■ **RECORDS SUPPLIED**

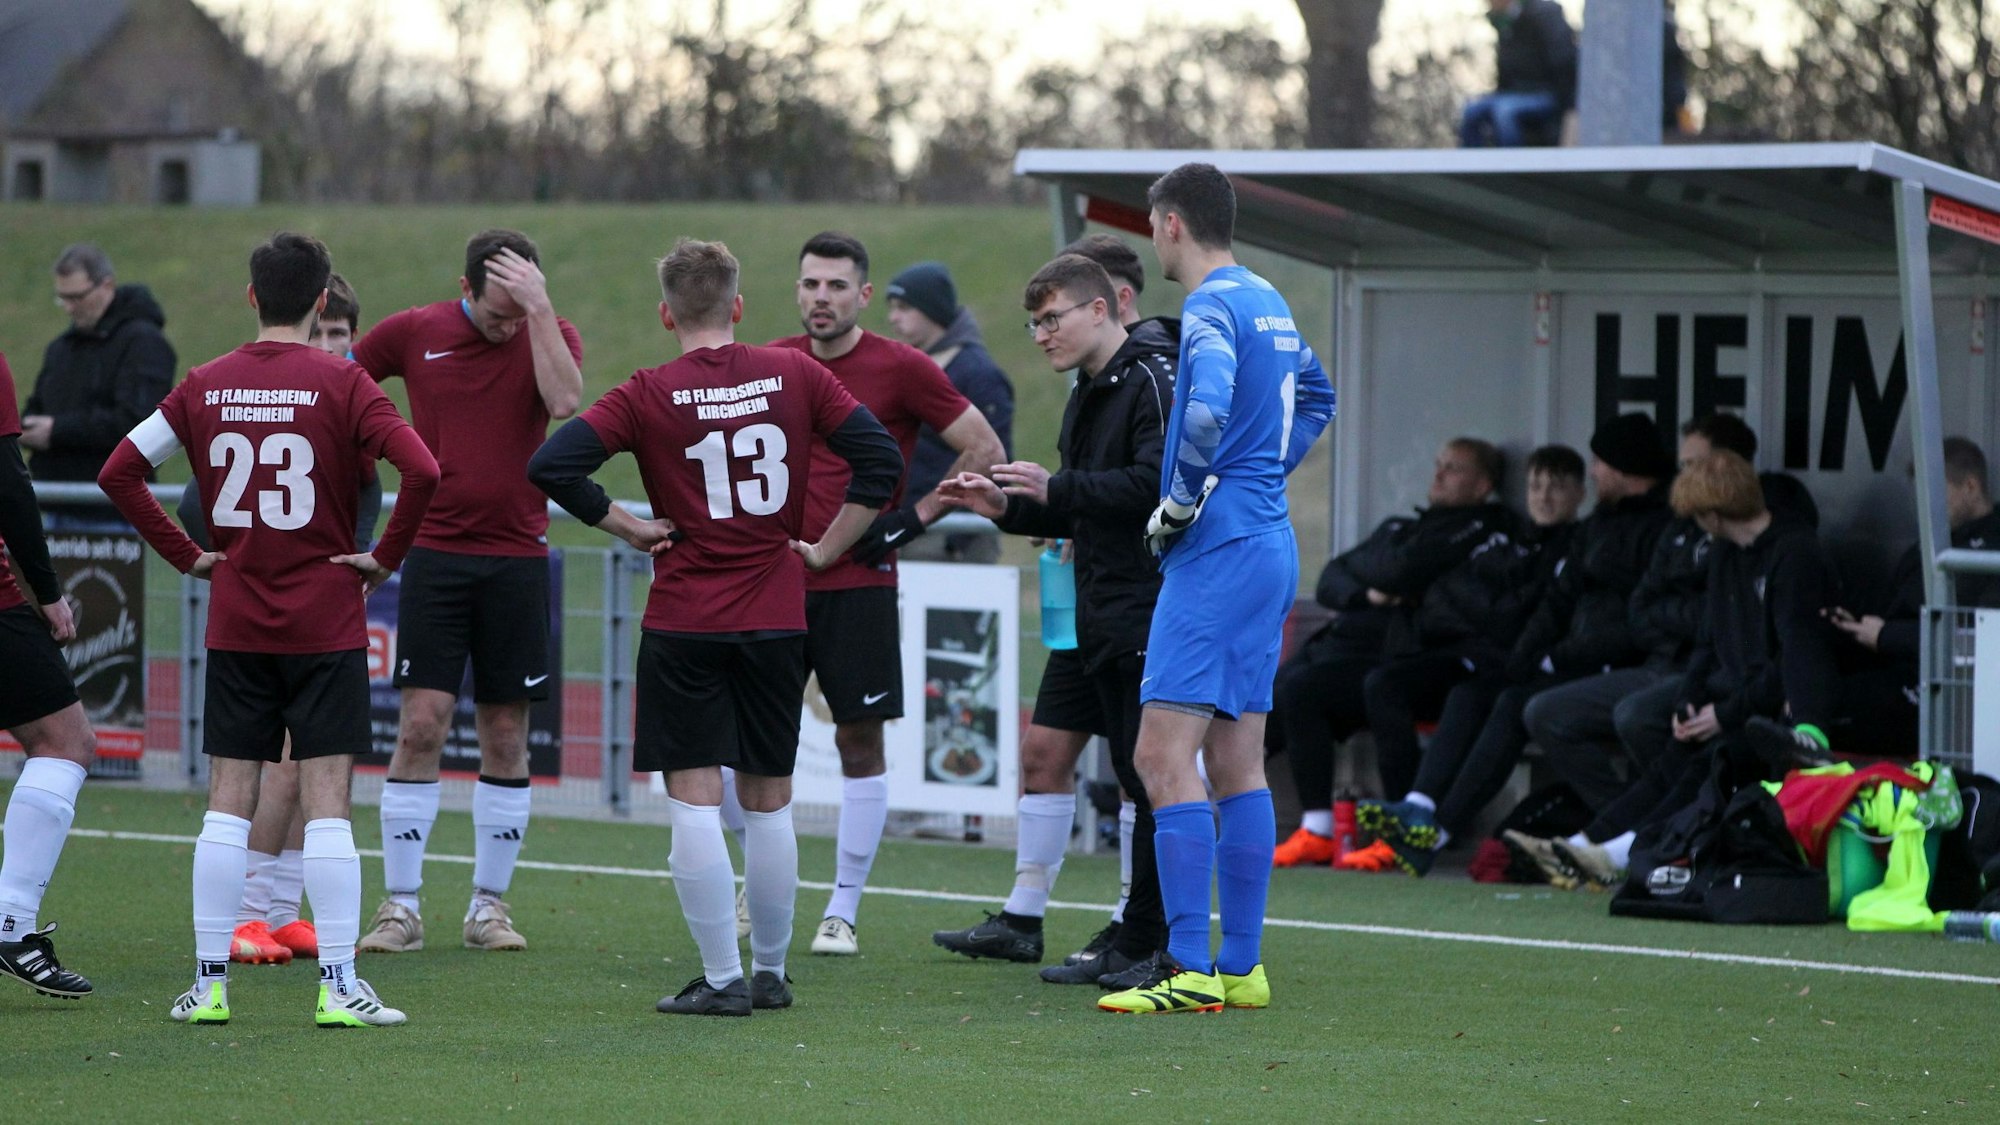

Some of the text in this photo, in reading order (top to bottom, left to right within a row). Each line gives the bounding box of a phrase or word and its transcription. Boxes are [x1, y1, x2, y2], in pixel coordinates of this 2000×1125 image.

[1254, 316, 1270, 333] SG
[205, 388, 320, 407] SG FLAMERSHEIM/
[672, 375, 783, 405] SG FLAMERSHEIM/
[1596, 313, 1909, 473] HEIM
[221, 406, 295, 423] KIRCHHEIM
[697, 396, 770, 420] KIRCHHEIM
[1278, 371, 1296, 462] 1
[209, 432, 316, 531] 23
[684, 423, 790, 520] 13
[400, 659, 410, 676] 2
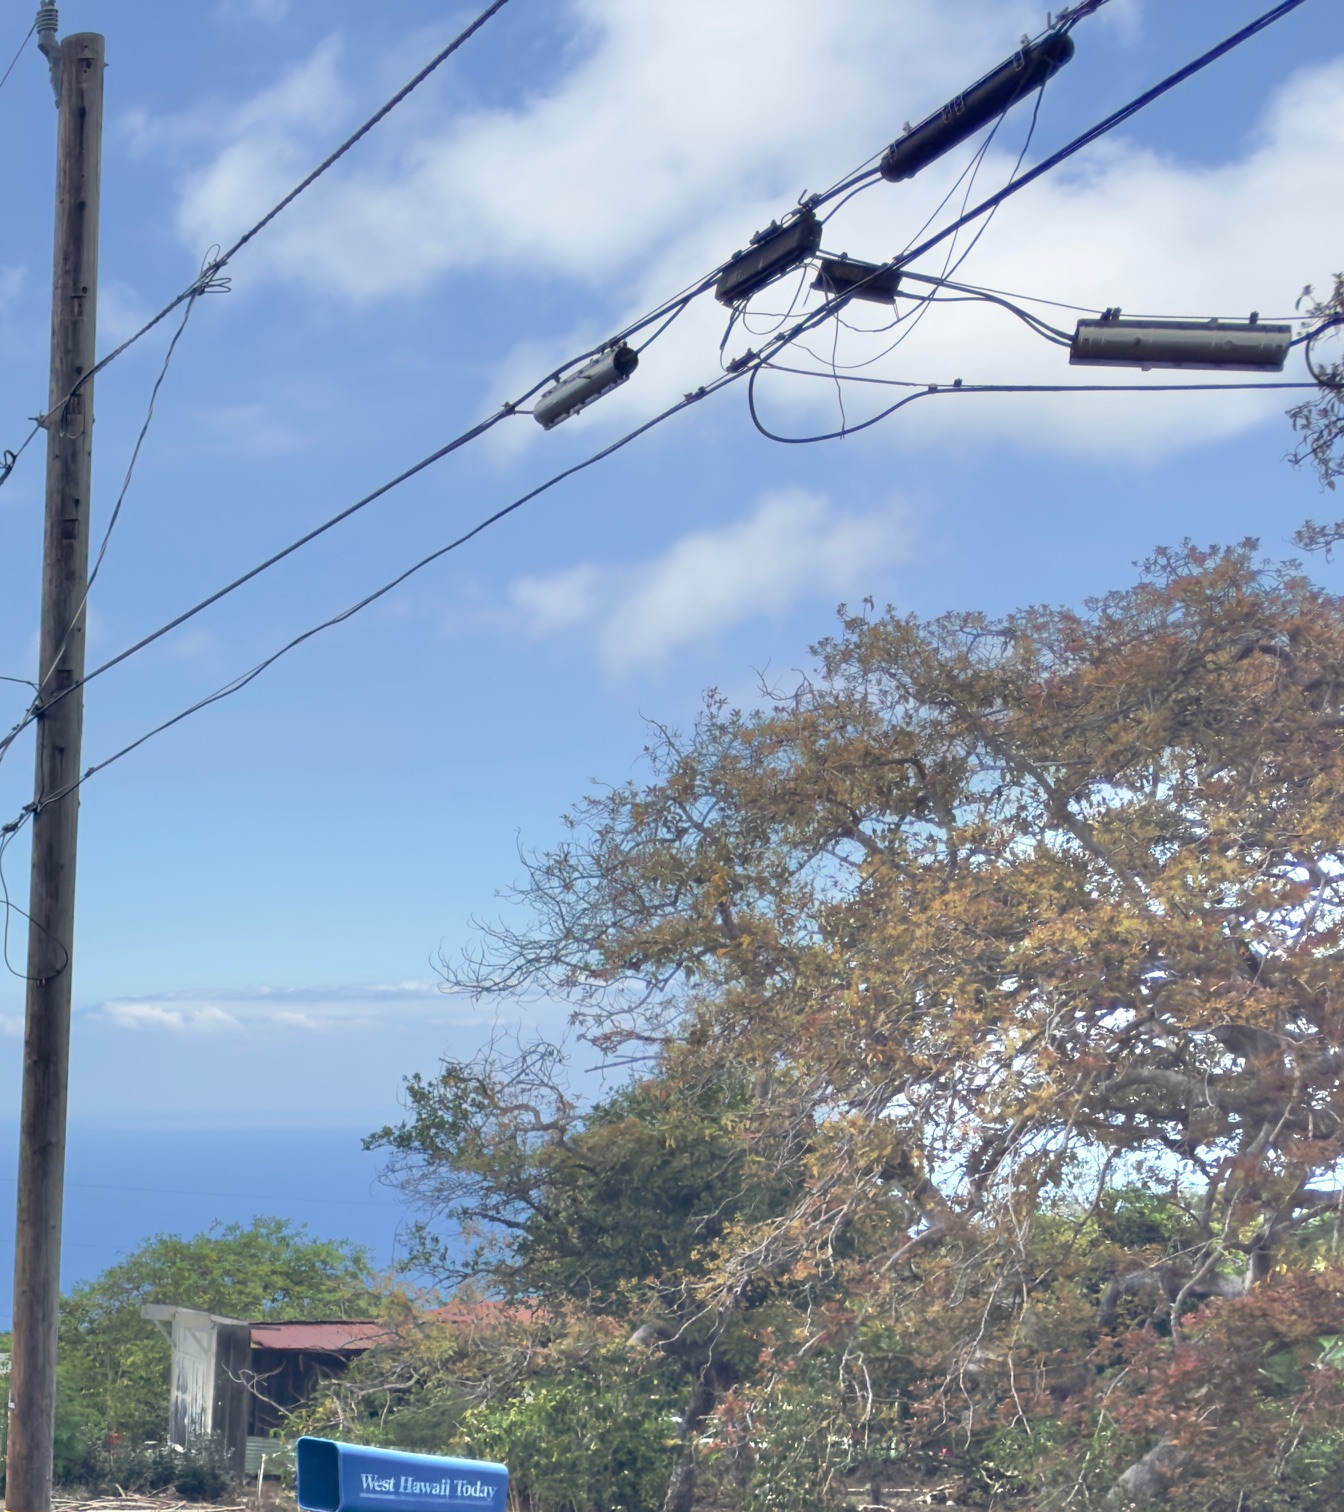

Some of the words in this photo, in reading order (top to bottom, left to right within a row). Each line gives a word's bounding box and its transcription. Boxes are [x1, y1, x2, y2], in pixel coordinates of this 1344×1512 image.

[360, 1473, 395, 1492] West
[398, 1476, 450, 1497] Hawaii
[454, 1479, 497, 1502] Today

■ **GOAL OF THE EXERCISE**
Leaving out the pictures, reproduce the whole listing above exactly.

■ **TASK RESULT**
Some of the text in this photo, in reading order (top to bottom, left to right within a row). Each line gives the bounding box of a phrase or word and its transcription. Boxes are [x1, y1, x2, y2], in pixel coordinates of this 2000×1125 image.

[1254, 316, 1270, 333] SG
[205, 388, 320, 407] SG FLAMERSHEIM/
[672, 375, 783, 405] SG FLAMERSHEIM/
[1596, 313, 1909, 473] HEIM
[221, 406, 295, 423] KIRCHHEIM
[697, 396, 770, 420] KIRCHHEIM
[1278, 371, 1296, 462] 1
[209, 432, 316, 531] 23
[684, 423, 790, 520] 13
[400, 659, 410, 676] 2

Some of the words in this photo, in reading order (top to bottom, left to right within a row). Each line gives a word's bounding box and its transcription. Boxes are [x1, y1, x2, y2], in pixel coordinates of this 1344×1512 image.

[360, 1473, 395, 1492] West
[398, 1476, 450, 1497] Hawaii
[454, 1479, 497, 1502] Today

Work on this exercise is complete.